该教程基于 NVIDIA cuTile Python 实现了分块 GPU 内核编程工作流,在 Colab 环境中配置 GPU、驱动、CUDA 及 cuTile 可用性后,分别构建了 tiled 向量加法、矩阵加法和矩阵乘法核函数,并以 PyTorch 作为回退保持 notebook 可执行。每一步均通过 PyTorch 验证结果正确性,并基准测试了各阶段的中位运行时间。
在本教程中,我们将实现一个针对 NVIDIA cuTile Python 的高级实践工作流。cuTile Python 是一种基于 tile(分块)的 GPU 编程接口,可直接用 Python 编写高效的 CUDA 风格内核。我们首先准备一个适用于 Colab 的环境,在运行任何内核代码之前检查可用的 GPU、驱动、CUDA 及 cuTile 安装情况。接着,我们构建基于 tile 的向量加法、矩阵加法和矩阵乘法示例,并保留 PyTorch 作为后备方案。这样,即使 Colab 不满足 cuTile 的最新运行时要求,该 notebook 依然可以执行。通过这种方法,我们将理解分块编程的工作原理,以及如何加载、计算、存储和验证张量,并了解如何将自定义 GPU 内核与标准 PyTorch 操作进行比较。
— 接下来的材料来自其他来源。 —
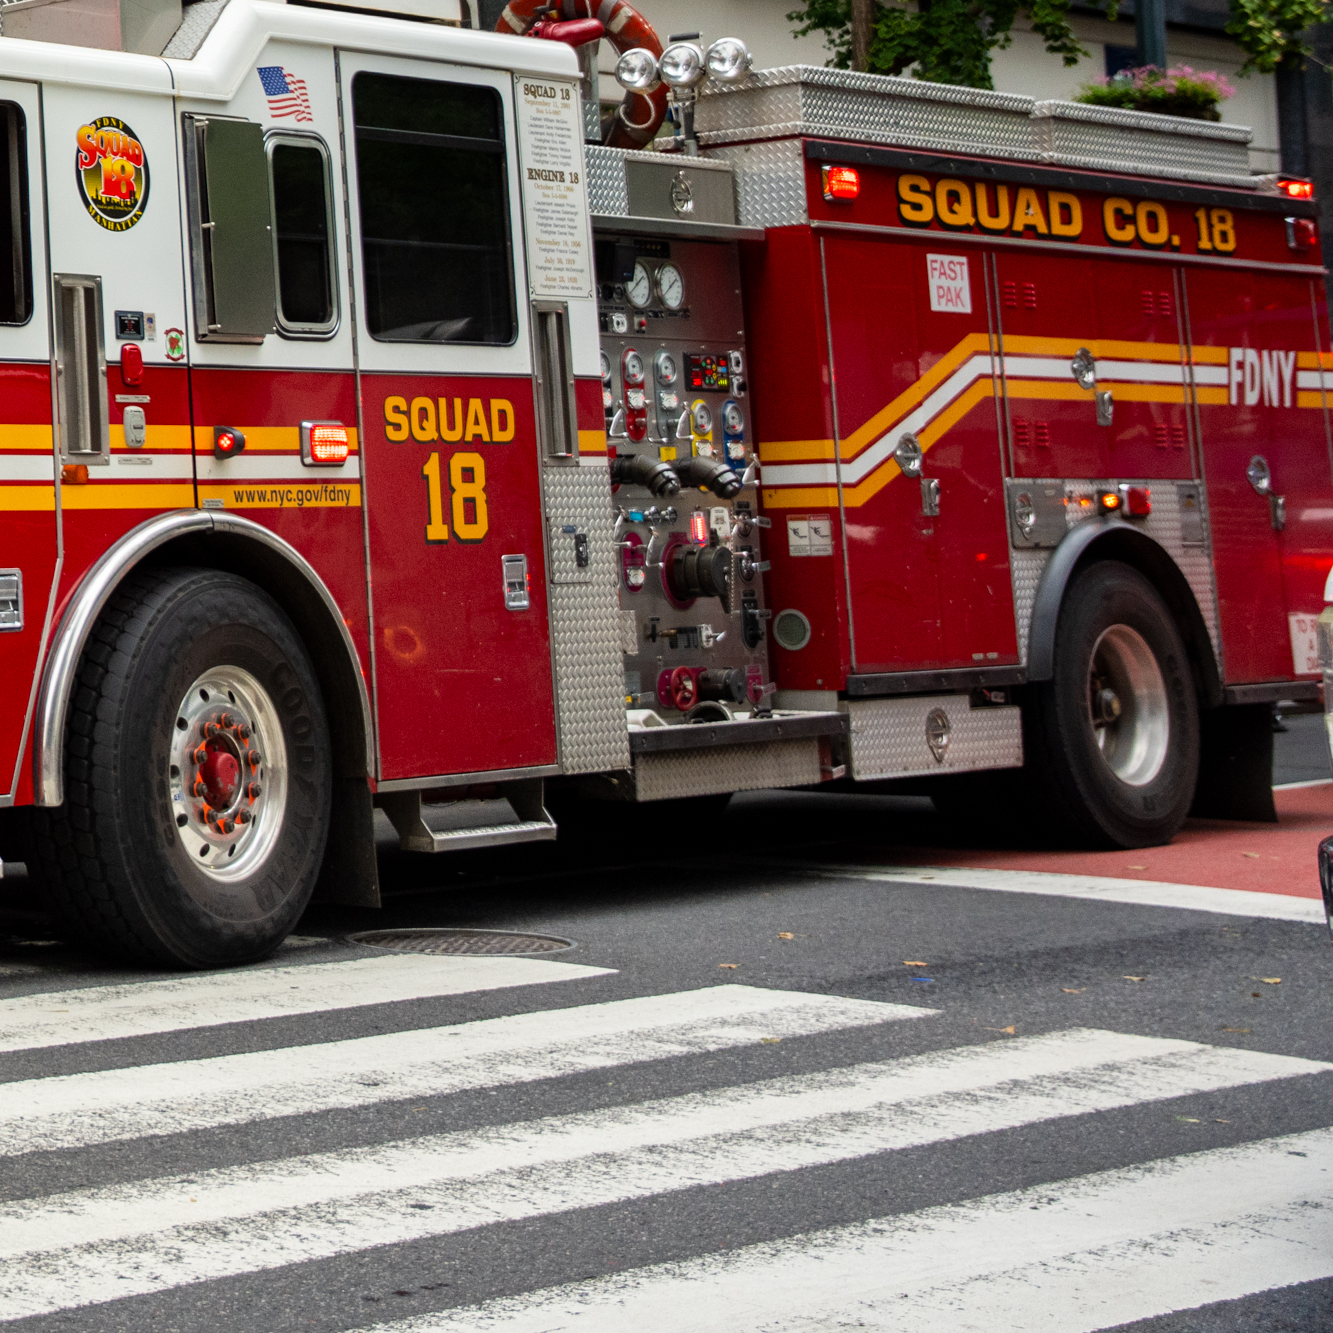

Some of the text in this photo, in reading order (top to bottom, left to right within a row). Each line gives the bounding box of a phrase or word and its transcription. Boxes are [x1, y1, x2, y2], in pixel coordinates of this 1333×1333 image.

在 Colab 中设置 NVIDIA cuTile Python 并检查 GPU、CUDA 及驱动运行时
import os
import sys
import math
import time
import json
import shutil
import subprocess
import textwrap
import warnings
warnings.filterwarnings("ignore")
def run_cmd(cmd, check=False, capture=True):
print(f"\n$ {cmd}")
result = subprocess.run(
cmd,
shell=True,
text=True,
capture_output=capture
)
if capture:
if result.stdout.strip():
print(result.stdout.strip())
if result.stderr.strip():
print(result.stderr.strip())
if check and result.returncode != 0:
raise RuntimeError(f"Command failed: {cmd}")
return result
print("=" * 90)
print("cuTile Python Advanced Colab Tutorial")
print("=" * 90)
print("\n[1] Installing Python dependencies")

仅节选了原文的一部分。